The reply must repeat the listing below exactly and carry none of its pictures.
————————
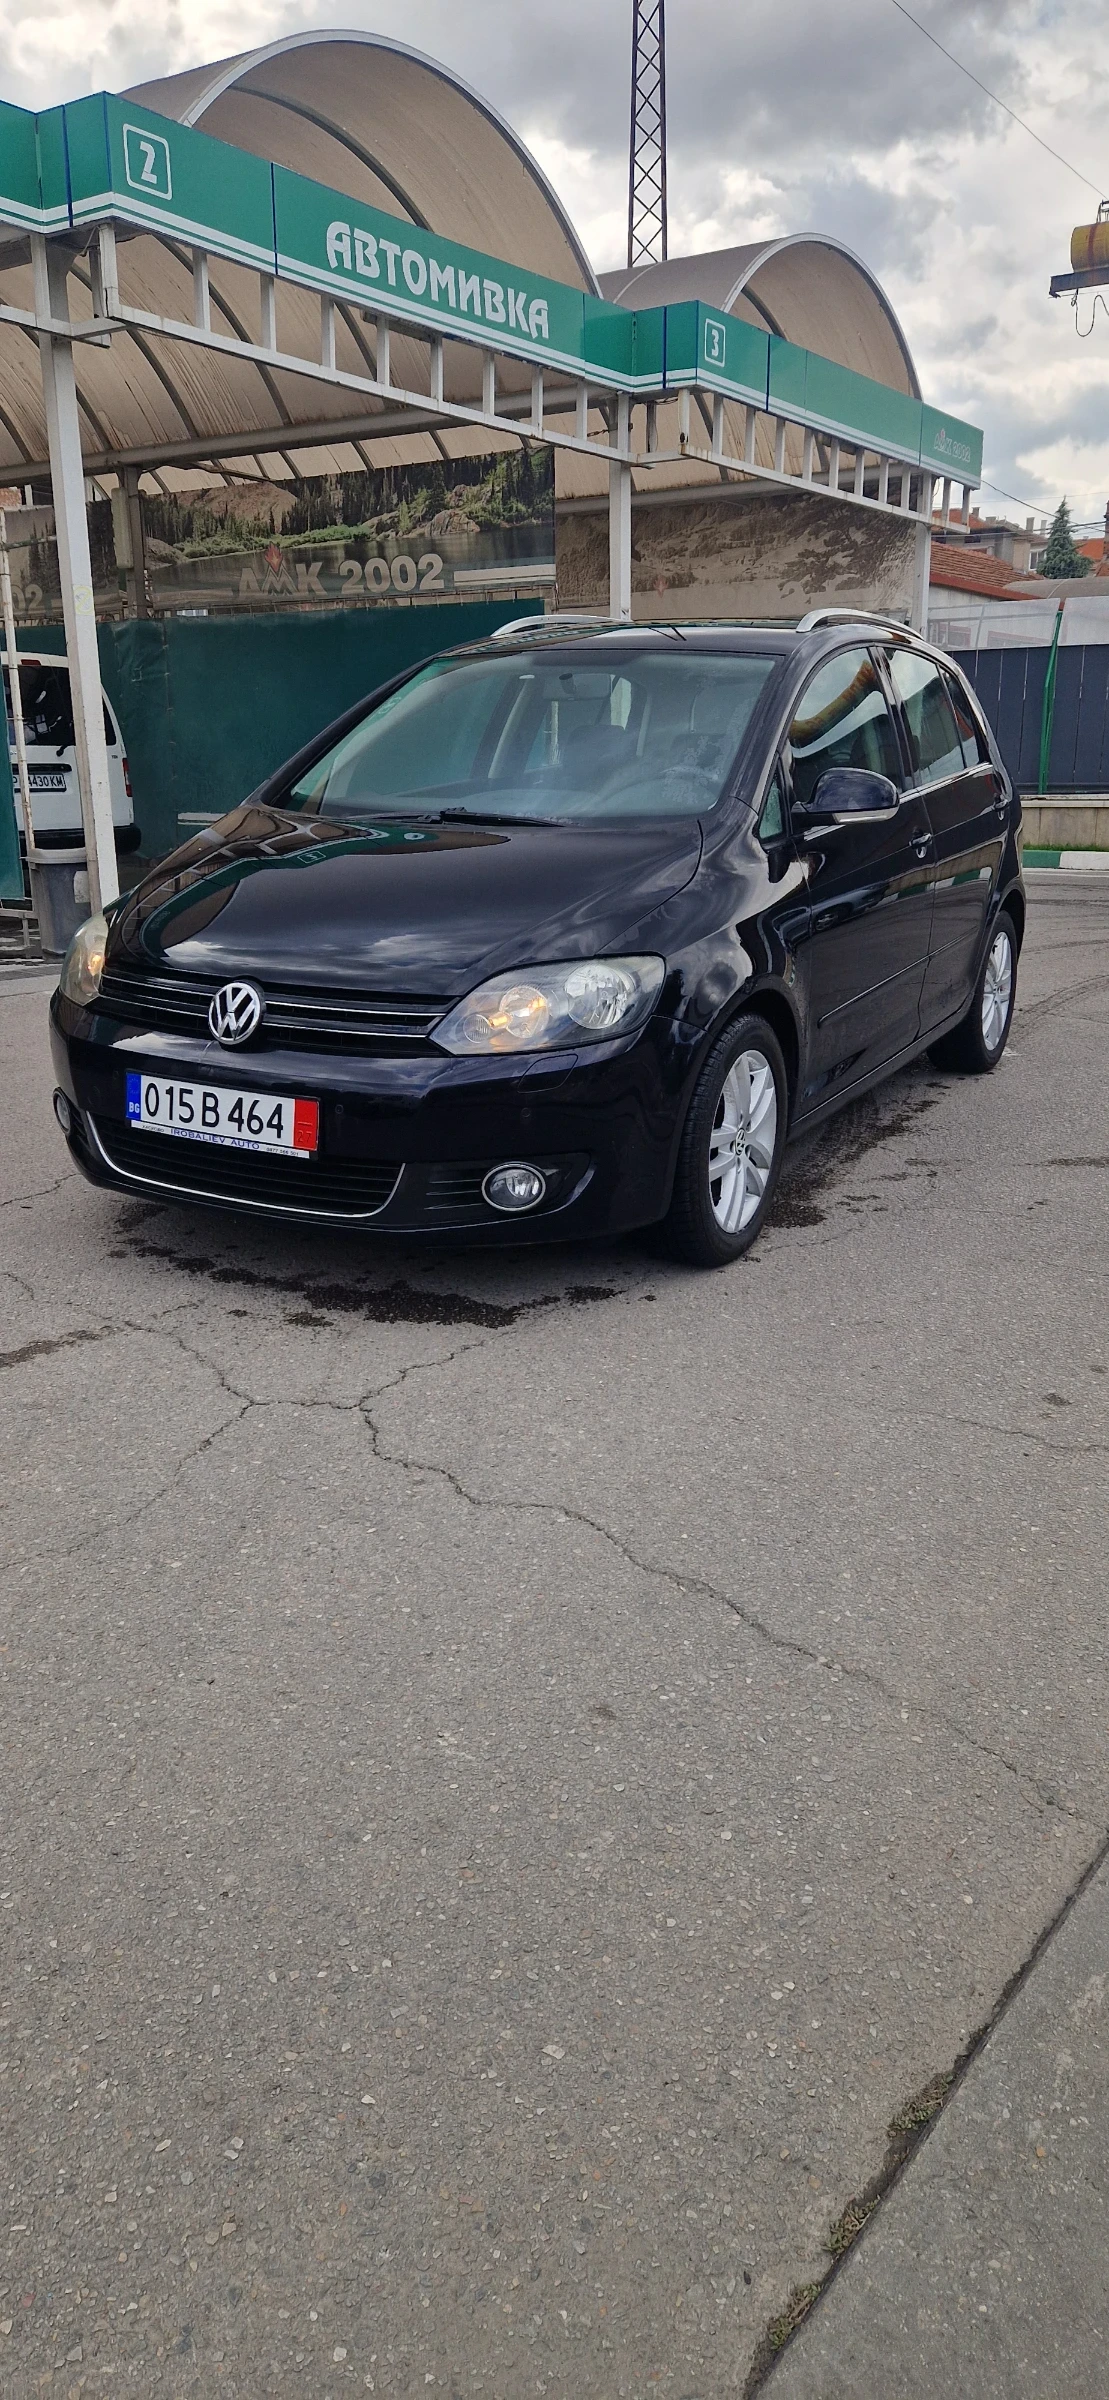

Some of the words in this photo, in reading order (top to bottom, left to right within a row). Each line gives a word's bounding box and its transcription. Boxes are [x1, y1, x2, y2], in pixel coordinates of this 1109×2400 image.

[140, 141, 157, 184] 2
[326, 221, 549, 339] АВТОМИВКА
[711, 329, 719, 357] 3
[953, 441, 970, 463] 2002
[338, 553, 445, 594] 2002
[0, 583, 44, 614] 02
[51, 775, 63, 787] KM
[129, 1101, 140, 1114] BG
[170, 1128, 226, 1144] IROBALIEV
[230, 1138, 260, 1150] AUTO
[297, 1130, 312, 1143] 27
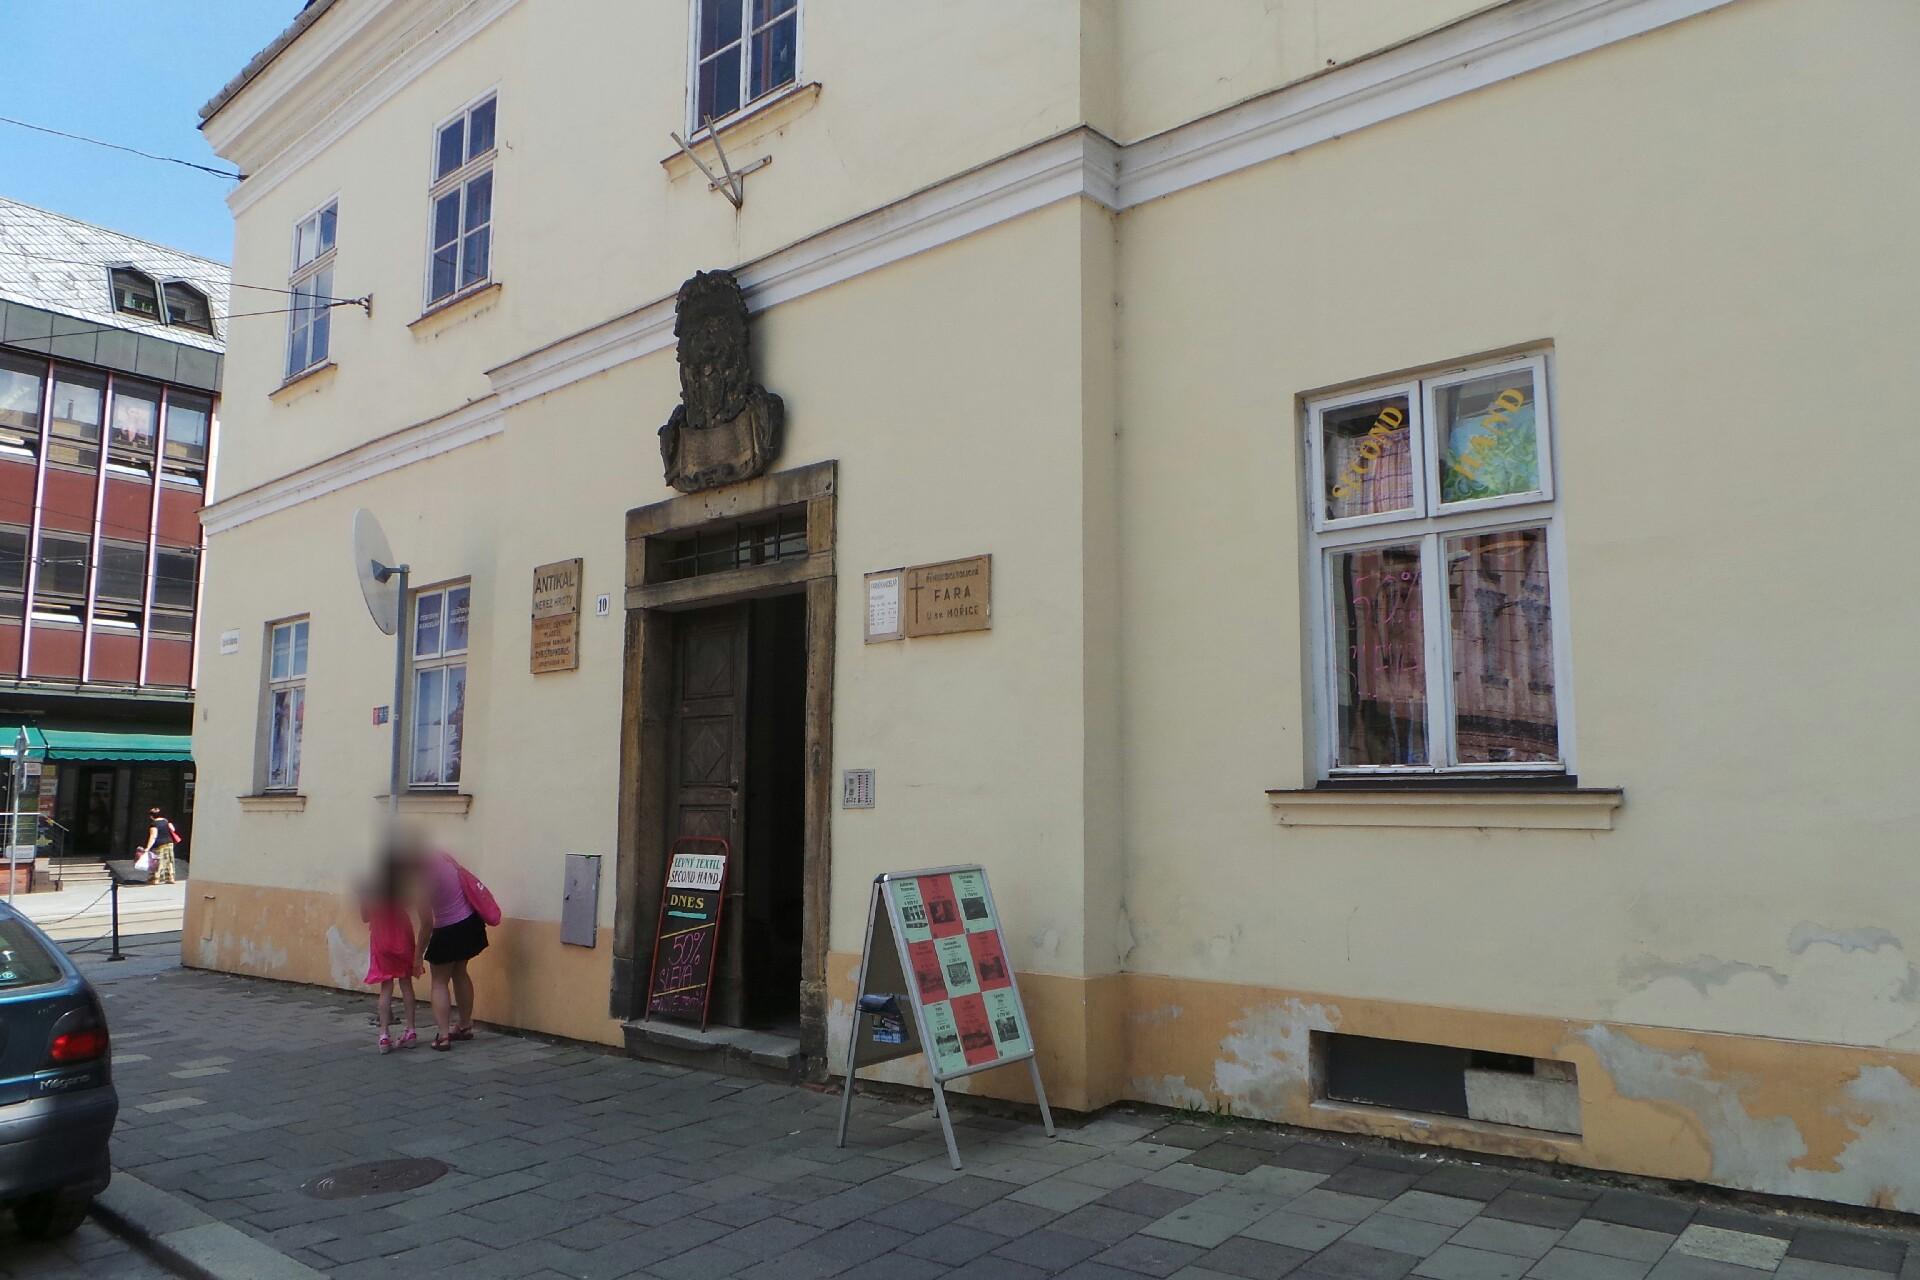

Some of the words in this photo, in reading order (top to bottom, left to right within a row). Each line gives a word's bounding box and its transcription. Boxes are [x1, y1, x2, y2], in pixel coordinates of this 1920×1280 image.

[535, 572, 575, 594] ANTIKAL
[934, 585, 971, 603] FARA
[599, 598, 608, 613] 10
[947, 604, 979, 618] MOŘICE
[696, 858, 721, 870] TEXTIL
[670, 870, 696, 884] SECOND
[697, 872, 719, 885] HAND
[670, 894, 704, 909] DNES
[669, 932, 706, 965] 50%
————————
### Answer for this exercise
Some of the words in this photo, in reading order (top to bottom, left to right within a row). Each line gives a word's bounding box and its transcription. Boxes are [x1, y1, x2, y2], in pixel coordinates of this 1109×2400 image.

[140, 141, 157, 184] 2
[326, 221, 549, 339] АВТОМИВКА
[711, 329, 719, 357] 3
[953, 441, 970, 463] 2002
[338, 553, 445, 594] 2002
[0, 583, 44, 614] 02
[51, 775, 63, 787] KM
[129, 1101, 140, 1114] BG
[170, 1128, 226, 1144] IROBALIEV
[230, 1138, 260, 1150] AUTO
[297, 1130, 312, 1143] 27

Some of the words in this photo, in reading order (top to bottom, left to right within a row). Each line gives a word's bounding box and its transcription. Boxes are [x1, y1, x2, y2], in pixel coordinates of this 1920×1280 image.

[535, 572, 575, 594] ANTIKAL
[934, 585, 971, 603] FARA
[599, 598, 608, 613] 10
[947, 604, 979, 618] MOŘICE
[696, 858, 721, 870] TEXTIL
[670, 870, 696, 884] SECOND
[697, 872, 719, 885] HAND
[670, 894, 704, 909] DNES
[669, 932, 706, 965] 50%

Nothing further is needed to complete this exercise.